• Material to process:
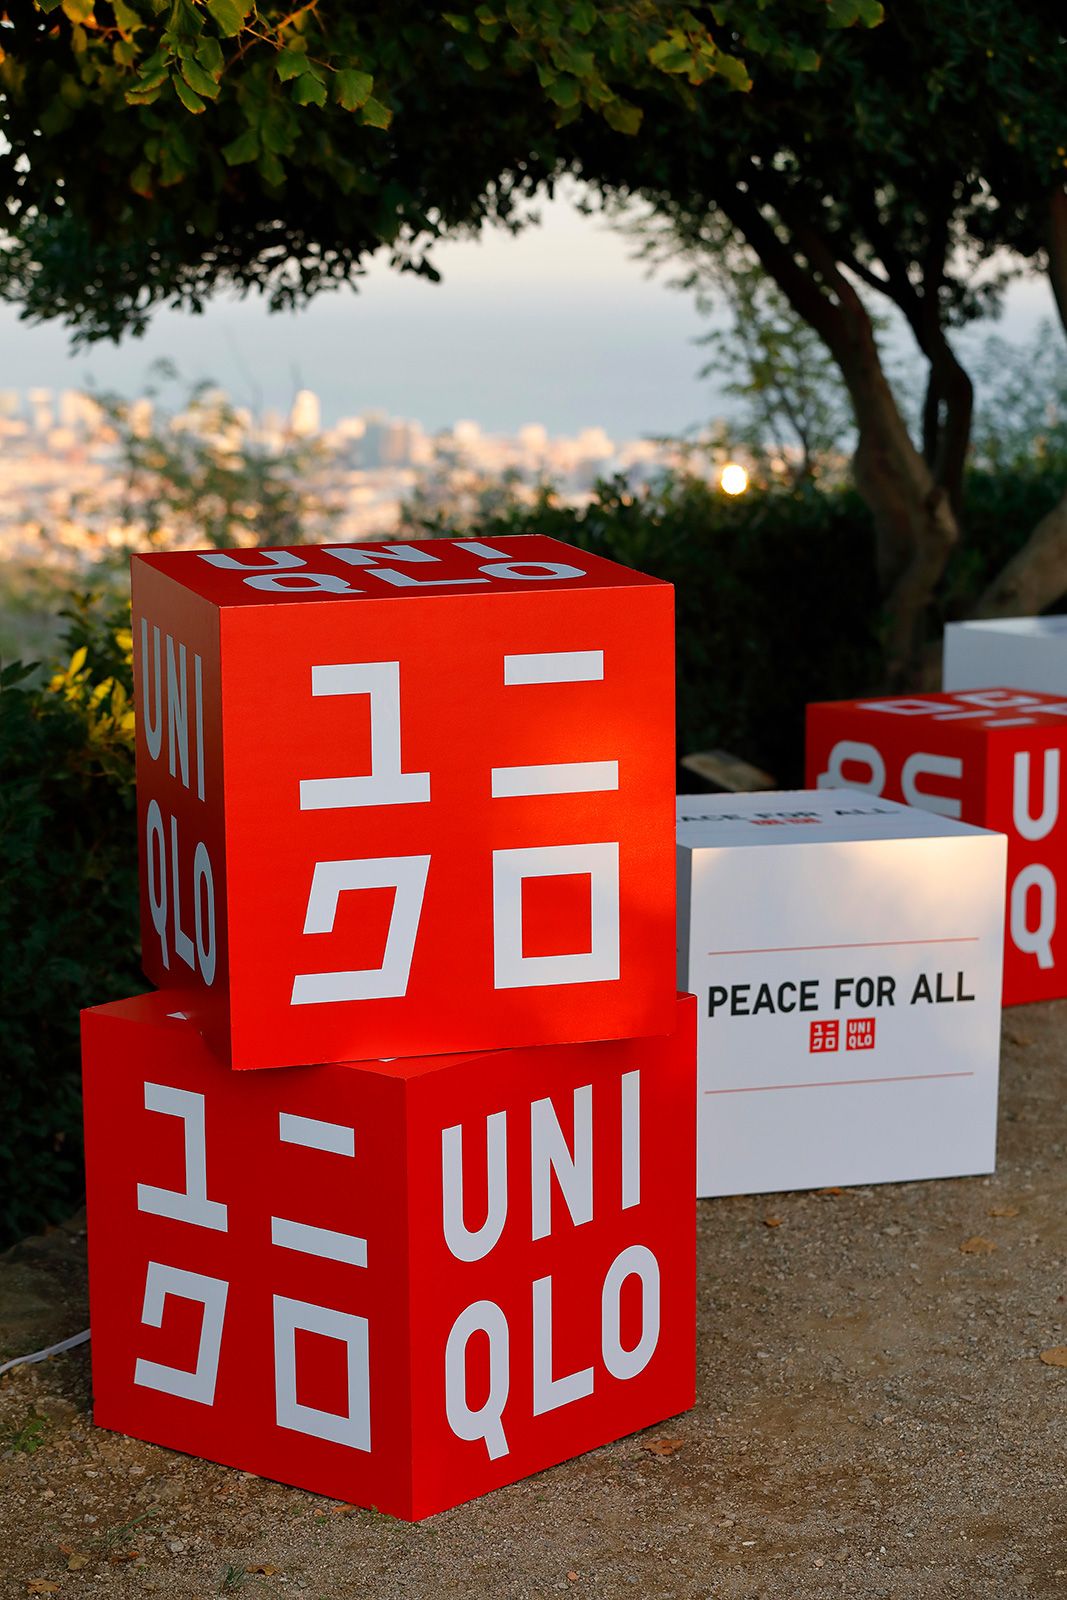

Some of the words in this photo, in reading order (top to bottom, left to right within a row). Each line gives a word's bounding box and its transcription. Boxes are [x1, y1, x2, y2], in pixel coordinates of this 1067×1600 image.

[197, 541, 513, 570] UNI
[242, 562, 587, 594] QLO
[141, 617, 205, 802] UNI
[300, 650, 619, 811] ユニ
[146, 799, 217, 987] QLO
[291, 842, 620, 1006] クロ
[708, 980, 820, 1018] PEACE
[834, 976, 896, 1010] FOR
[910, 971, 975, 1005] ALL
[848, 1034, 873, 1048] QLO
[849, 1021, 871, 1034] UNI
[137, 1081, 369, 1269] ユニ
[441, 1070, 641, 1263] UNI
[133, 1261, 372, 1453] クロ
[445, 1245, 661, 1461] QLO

• What the exercise asks:
Without the pictures, reproduce every record exactly as it appears above.

• Result for this task:
Some of the words in this photo, in reading order (top to bottom, left to right within a row). Each line gives a word's bounding box and its transcription. Boxes are [x1, y1, x2, y2], in pixel coordinates of this 1067×1600 image.

[197, 541, 513, 570] UNI
[242, 562, 587, 594] QLO
[141, 617, 205, 802] UNI
[300, 650, 619, 811] ユニ
[146, 799, 217, 987] QLO
[291, 842, 620, 1006] クロ
[708, 980, 820, 1018] PEACE
[834, 976, 896, 1010] FOR
[910, 971, 975, 1005] ALL
[848, 1034, 873, 1048] QLO
[849, 1021, 871, 1034] UNI
[137, 1081, 369, 1269] ユニ
[441, 1070, 641, 1263] UNI
[133, 1261, 372, 1453] クロ
[445, 1245, 661, 1461] QLO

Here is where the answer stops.